____ INFORMATION PROVIDED

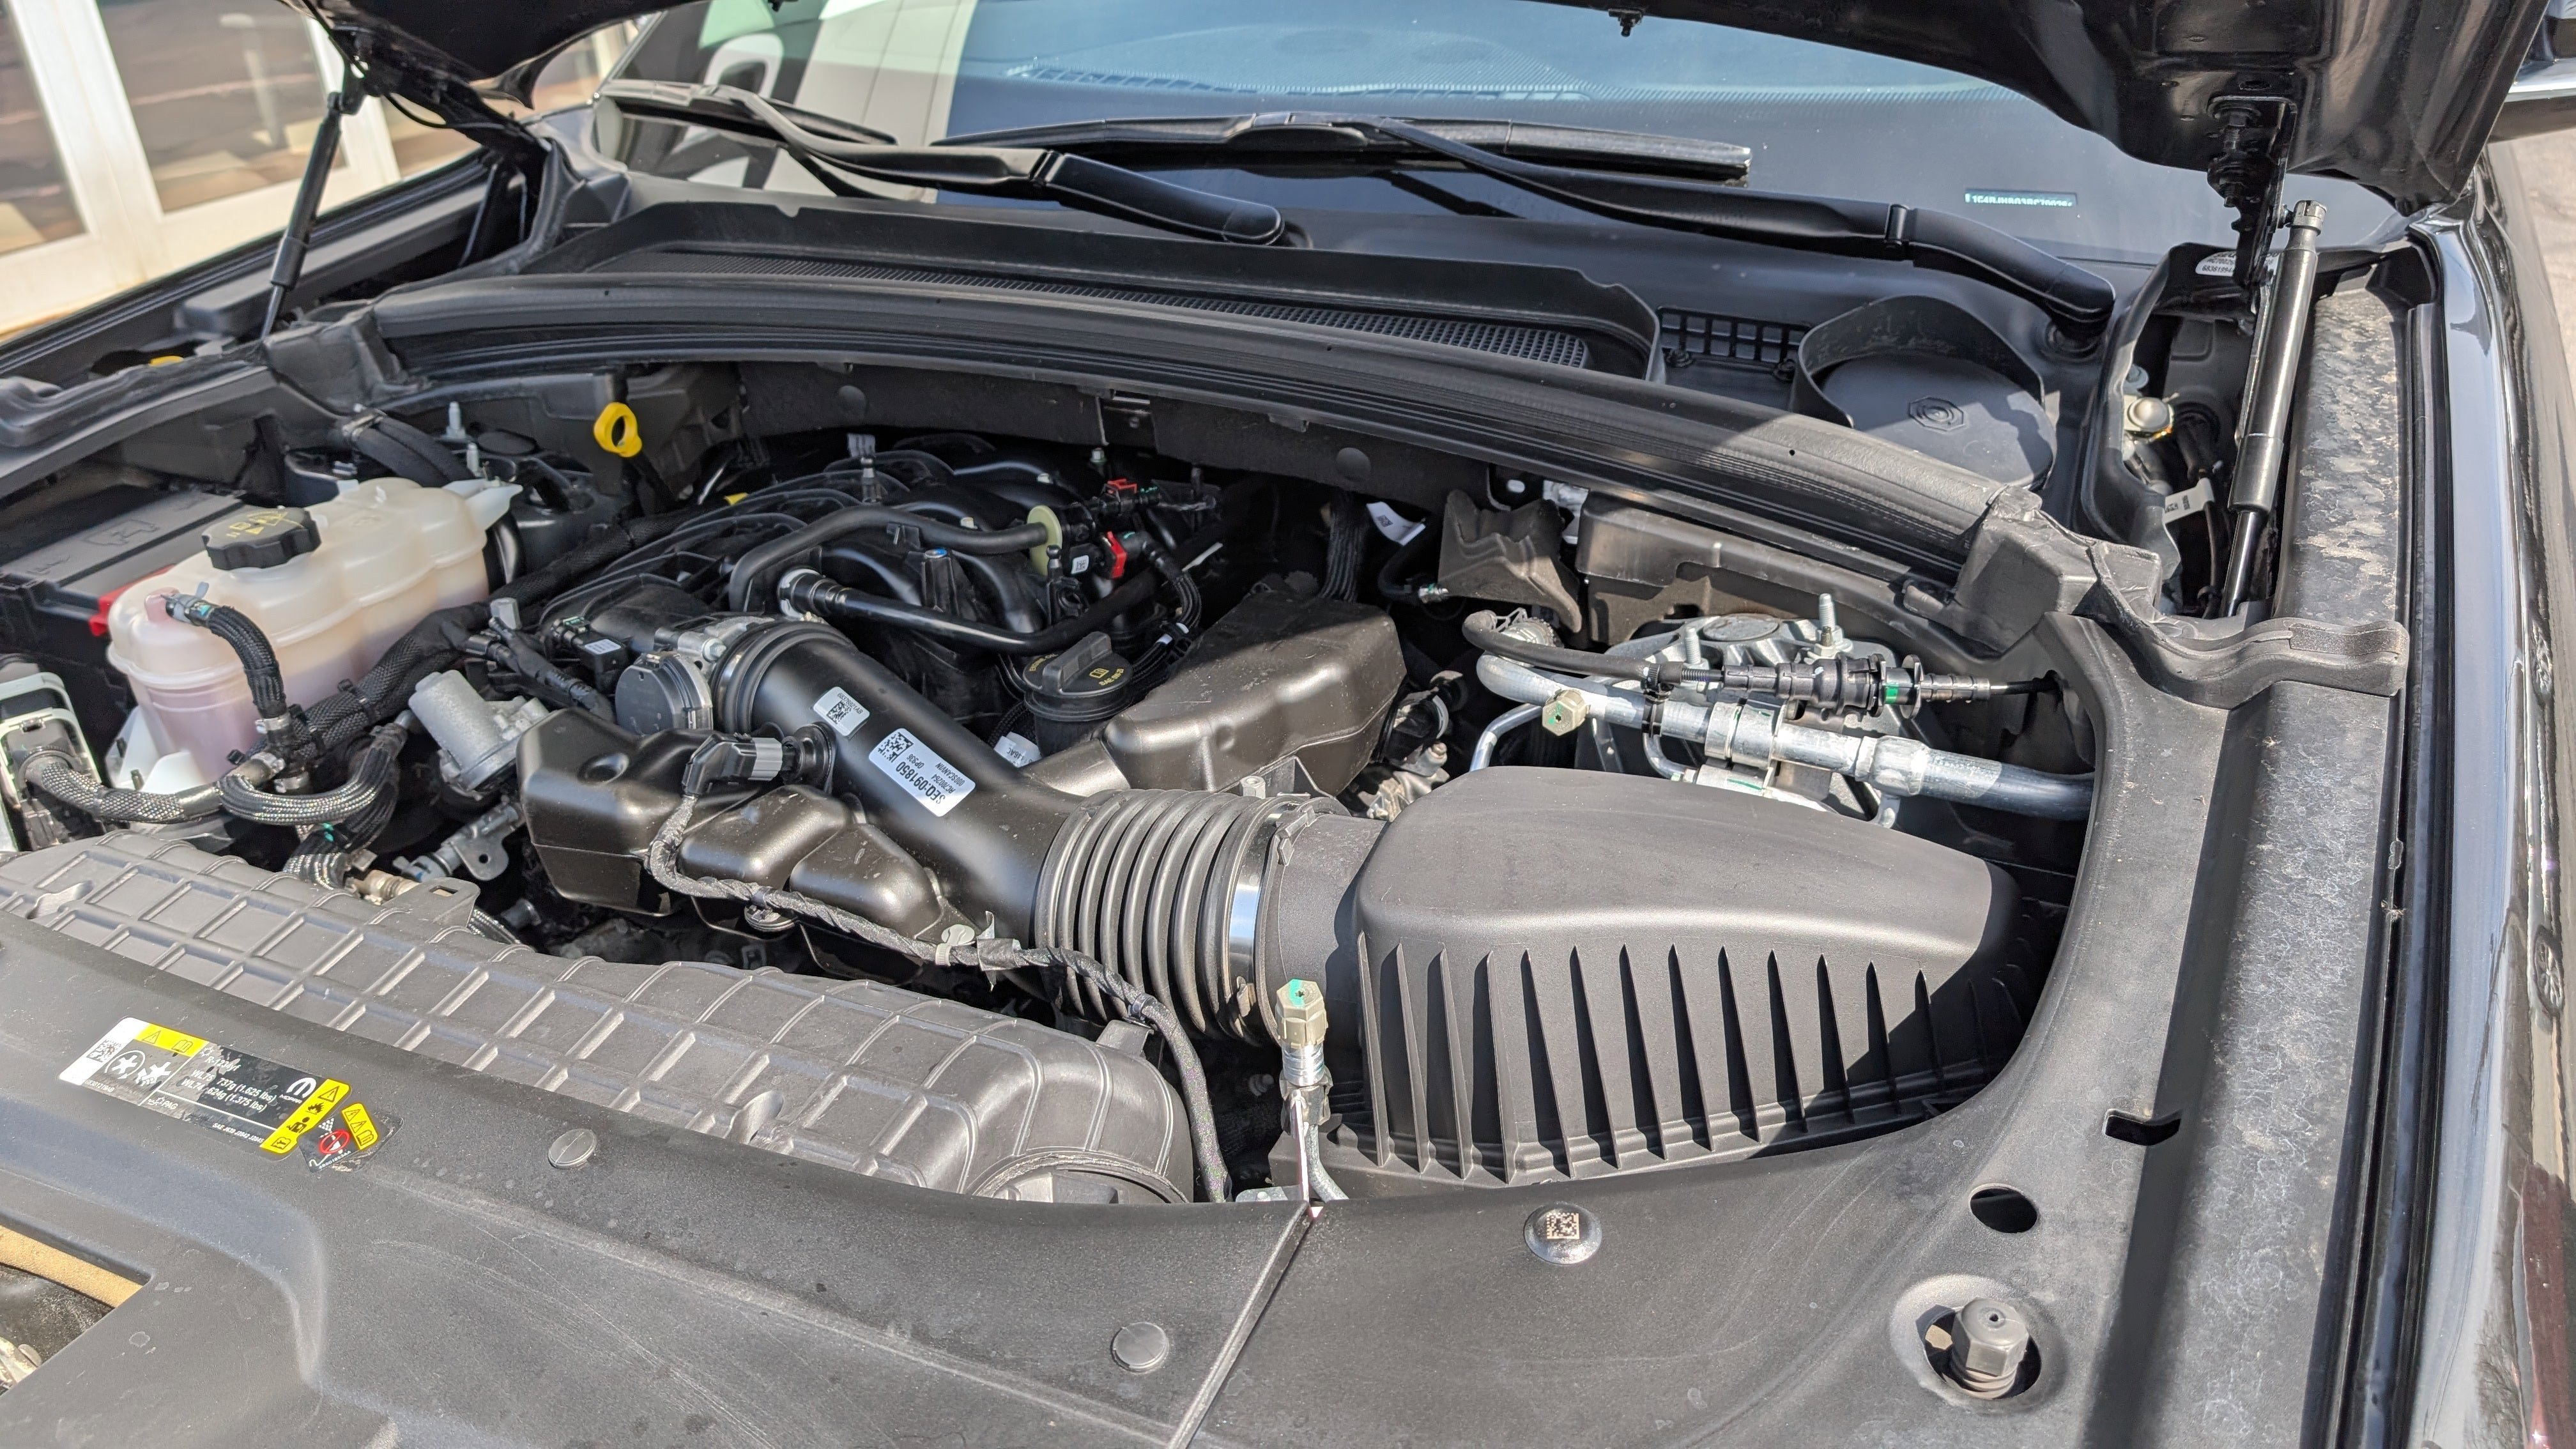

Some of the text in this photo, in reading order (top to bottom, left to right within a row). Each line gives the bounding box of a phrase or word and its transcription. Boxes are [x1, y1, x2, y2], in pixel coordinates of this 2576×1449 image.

[896, 761, 946, 804] SEQ:091850
[931, 774, 956, 794] RC700264
[204, 1055, 241, 1072] R-1234yf
[181, 1078, 268, 1113] WL74 624g (1.375 lbs)
[191, 1069, 277, 1103] WL75 737g (1.625 lbs)
[163, 1100, 179, 1110] PAG
[279, 1094, 303, 1105] MOPAR

________

- WHAT IS BEING ASKED
Each entry should be copied exactly as written, though any pictures stay out.

- EXPECTED OUTPUT
Some of the text in this photo, in reading order (top to bottom, left to right within a row). Each line gives the bounding box of a phrase or word and its transcription. Boxes are [x1, y1, x2, y2], in pixel coordinates of this 2576×1449 image.

[896, 761, 946, 804] SEQ:091850
[931, 774, 956, 794] RC700264
[204, 1055, 241, 1072] R-1234yf
[181, 1078, 268, 1113] WL74 624g (1.375 lbs)
[191, 1069, 277, 1103] WL75 737g (1.625 lbs)
[163, 1100, 179, 1110] PAG
[279, 1094, 303, 1105] MOPAR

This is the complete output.